As developers building with generative AI, we have access to an incredible array of powerful frameworks. Tools like LangChain, CrewAI, and Google’s own Agent Development Kits (ADK) allow us to create highly specialized AI agents capable of tackling complex tasks. But this specialization has introduced a new challenge: the “framework jungle.”
When building sophisticated systems, the real hurdle isn’t creating a single agent, but getting multiple agents — each built with different tools — to communicate and collaborate. Imagine a data analysis agent built in LangGraph needs to hand off its findings to a report-writing agent in CrewAI, which in turn needs to save its output using a third agent. Today, this requires writing custom, often brittle, “glue code” for each interaction, a significant engineering effort that is difficult to scale and maintain.
This is the challenge that Google and a consortium of over 50 industry partners, including Salesforce, LangChain, and Atlassian, are attempting to solve.
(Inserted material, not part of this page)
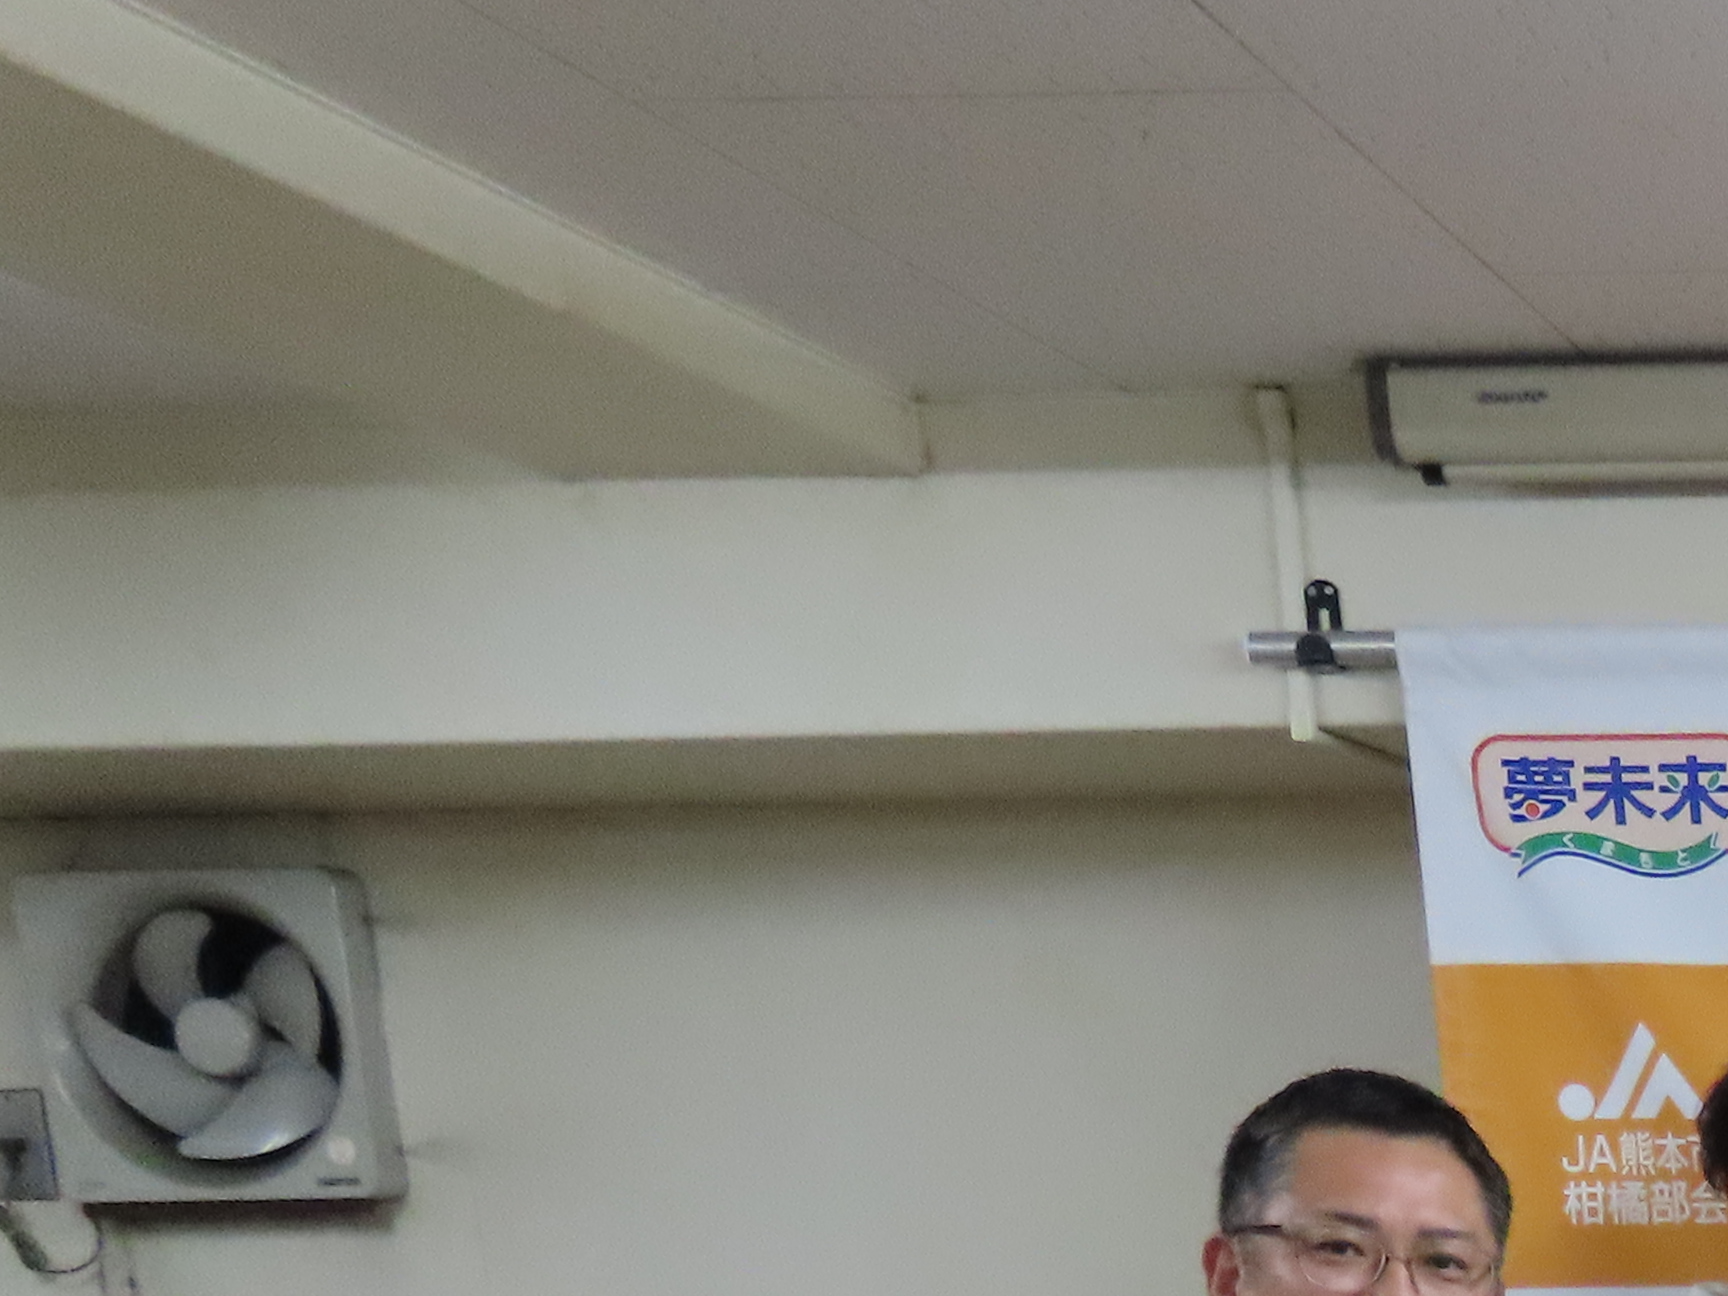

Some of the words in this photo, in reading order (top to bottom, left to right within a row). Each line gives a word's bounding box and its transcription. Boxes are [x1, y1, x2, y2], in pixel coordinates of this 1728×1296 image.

On April 9, 2025, they introduced the new, open Agent2Agent (A2A) protocol, a standard designed to provide a universal language for AI agents, allowing them to work together seamlessly, regardless of how they were built.
In this newsletter, we’ll break down what this means for us as we explore:
What the Agent2Agent (A2A) protocol is and the core problem it solves.
A look at its key technical concepts.
A hands-on walk-through to see different agents collaborate in real time.
Why this new standard could be a game changer for building the next generation of AI applications.
The Agent2Agent (A2A) Protocol is an open standard to establish a common communication layer. It enables AI agents built by different teams, with different tools, and from different organizations to effectively discover, communicate, and collaborate on complex tasks. It doesn’t replace frameworks like LangChain or CrewAI; rather, it provides the “how” of communication, allowing us to focus on the “what,” which is the unique value our agents provide.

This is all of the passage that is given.